→ **Your goal**:
Apart from the pictures, output all of the records exactly.

(Stored data entries)

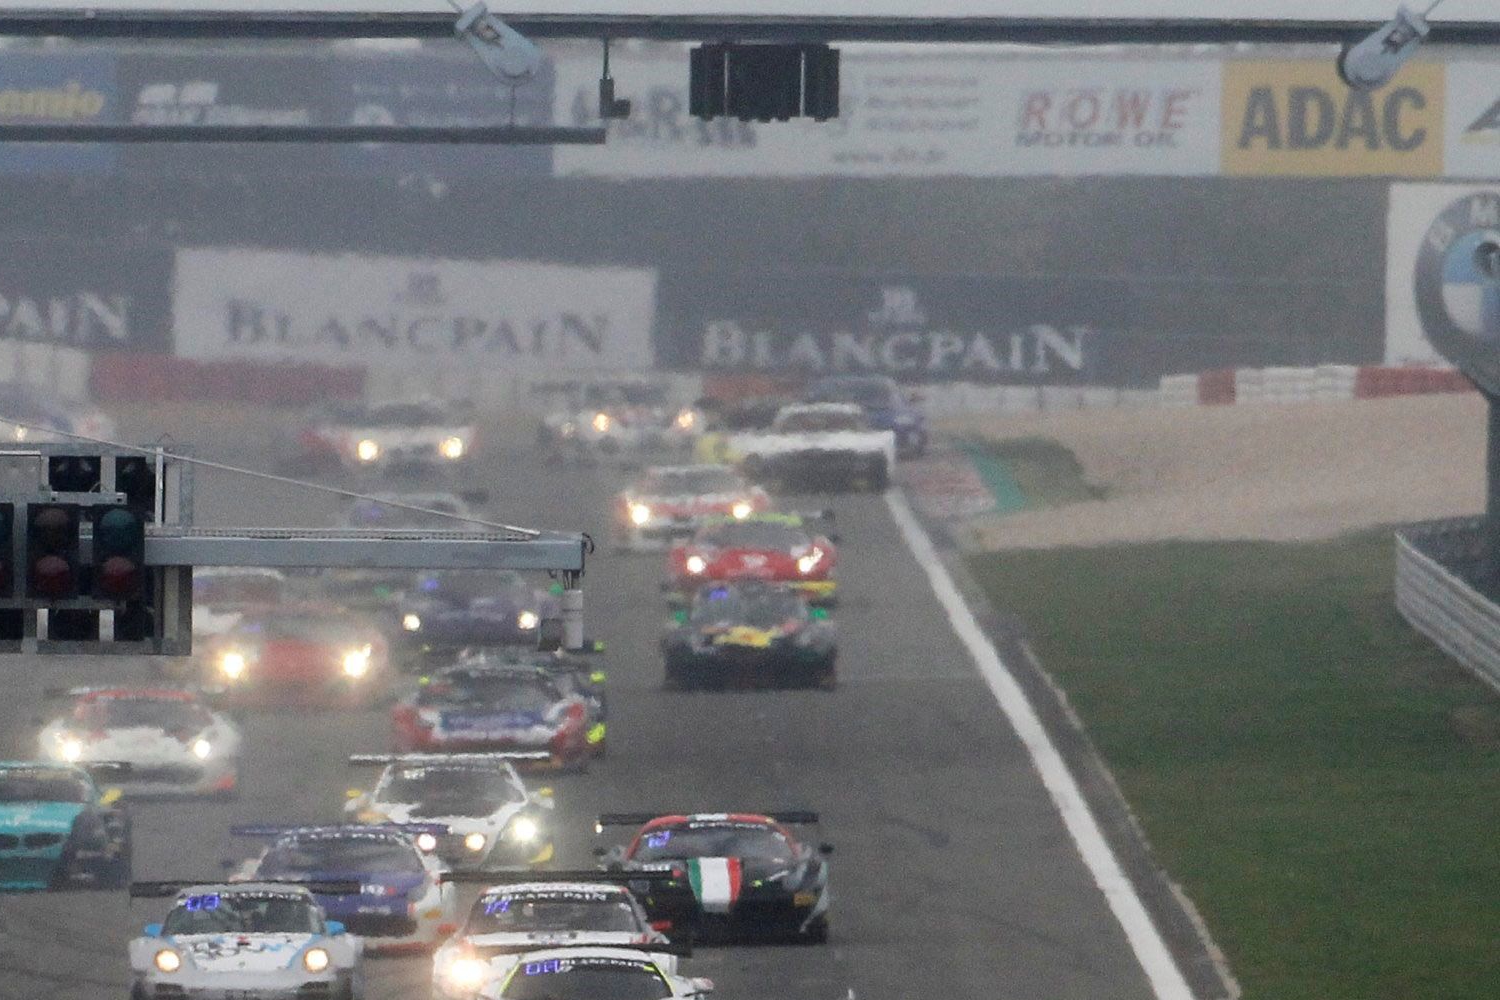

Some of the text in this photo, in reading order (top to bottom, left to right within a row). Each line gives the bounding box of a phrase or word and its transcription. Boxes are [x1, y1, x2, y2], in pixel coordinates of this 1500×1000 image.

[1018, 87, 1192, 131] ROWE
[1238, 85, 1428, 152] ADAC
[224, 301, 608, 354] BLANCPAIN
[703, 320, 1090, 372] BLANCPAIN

→ **Result of the exercise**:
Some of the text in this photo, in reading order (top to bottom, left to right within a row). Each line gives the bounding box of a phrase or word and its transcription. Boxes are [x1, y1, x2, y2], in pixel coordinates of this 1500×1000 image.

[1018, 87, 1192, 131] ROWE
[1238, 85, 1428, 152] ADAC
[224, 301, 608, 354] BLANCPAIN
[703, 320, 1090, 372] BLANCPAIN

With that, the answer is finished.